Task
For this exercise, retype all the data exactly and exclude every image.

Supplied entries

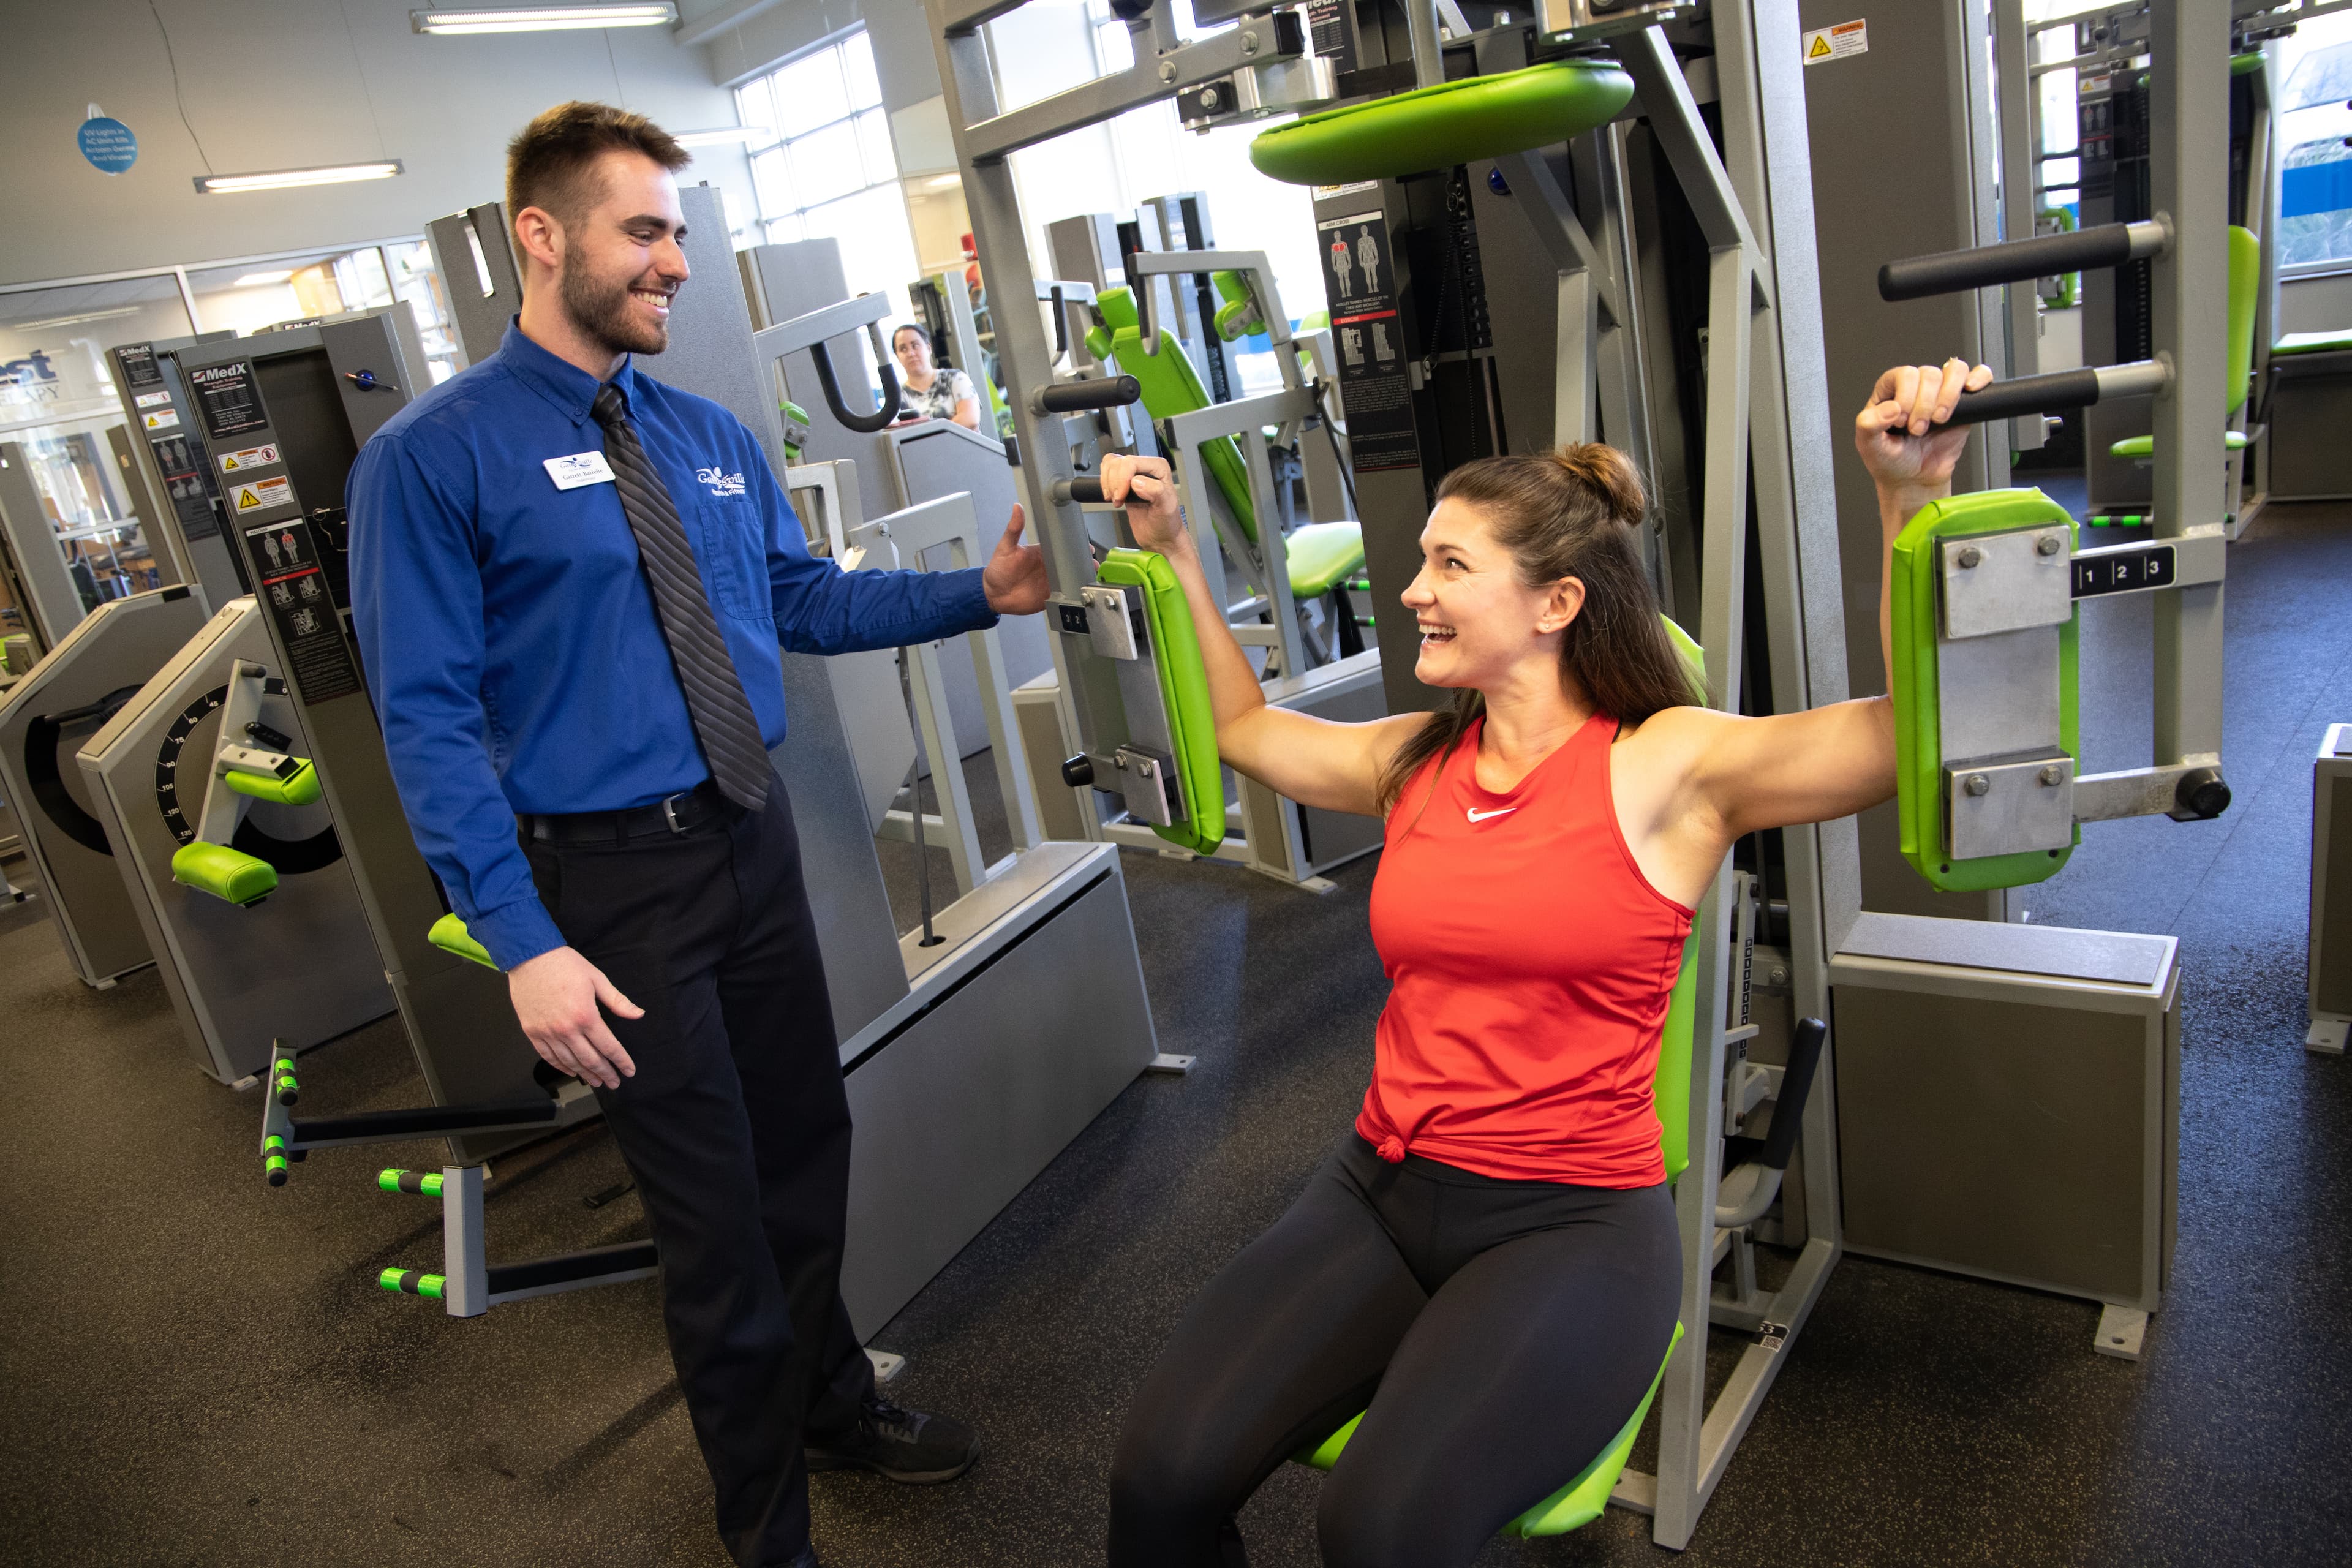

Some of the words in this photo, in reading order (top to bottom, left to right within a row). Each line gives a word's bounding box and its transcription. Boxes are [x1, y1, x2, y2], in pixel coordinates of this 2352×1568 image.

[1838, 23, 1863, 32] WARNING
[1340, 315, 1359, 324] EXERCISE
[127, 345, 151, 355] MedX
[206, 363, 247, 380] MedX
[263, 479, 285, 488] WARNING
[2086, 570, 2093, 582] 1
[2117, 565, 2127, 579] 2
[2149, 560, 2160, 574] 3
[1066, 614, 1070, 623] 3
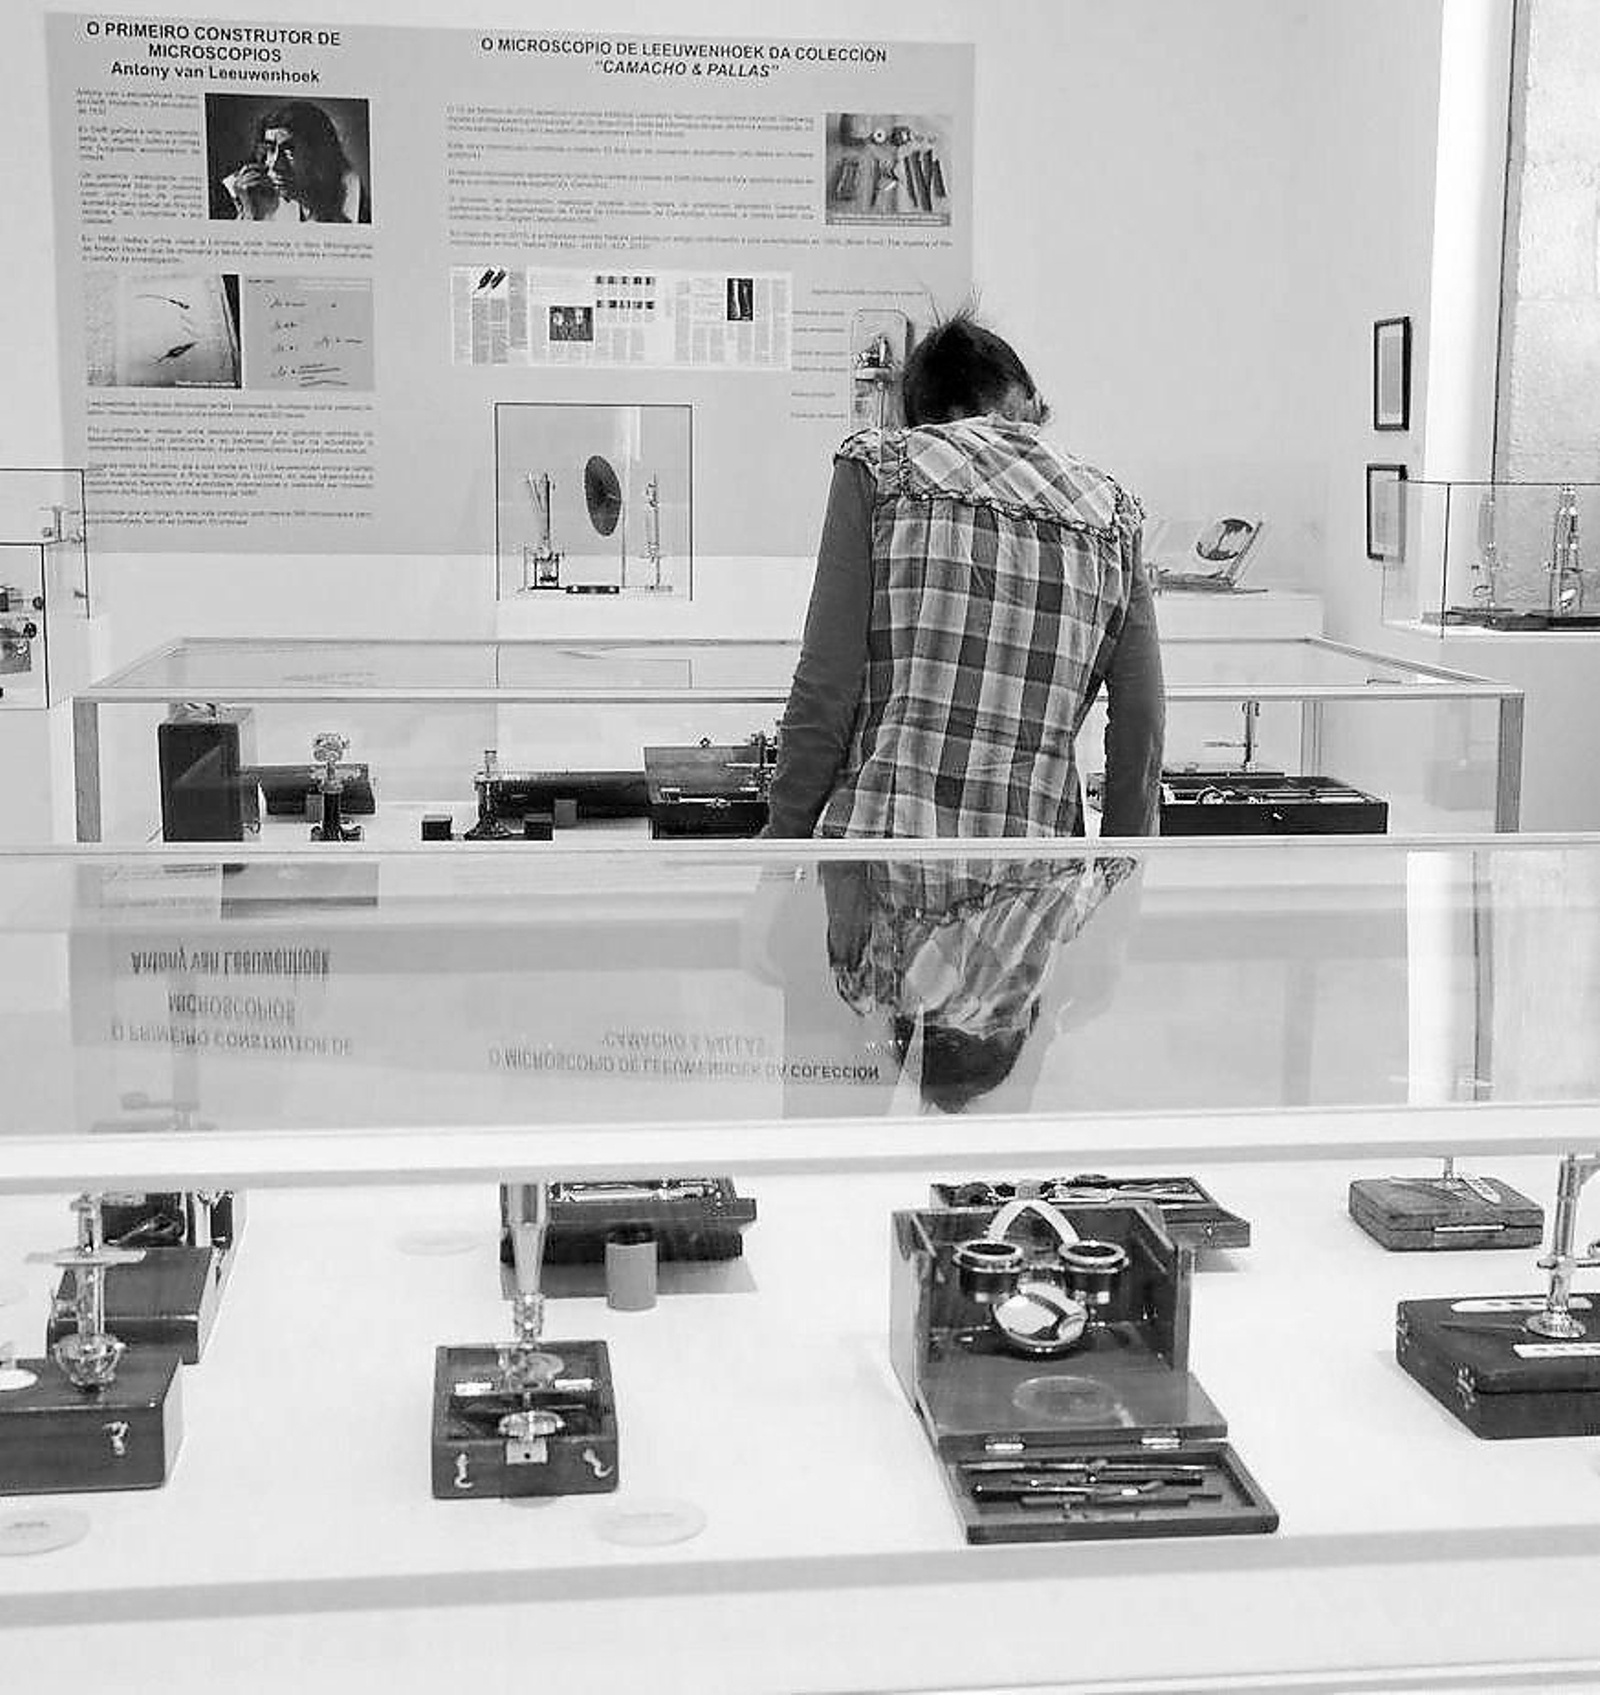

Written answer
Some of the words in this photo, in reading order (top to bottom, left to right within a row). Each line gives a word's bounding box and its transcription. Boxes are [x1, y1, x2, y2], in pixel coordinates of this 2352×1568 image.

[1838, 23, 1863, 32] WARNING
[1340, 315, 1359, 324] EXERCISE
[127, 345, 151, 355] MedX
[206, 363, 247, 380] MedX
[263, 479, 285, 488] WARNING
[2086, 570, 2093, 582] 1
[2117, 565, 2127, 579] 2
[2149, 560, 2160, 574] 3
[1066, 614, 1070, 623] 3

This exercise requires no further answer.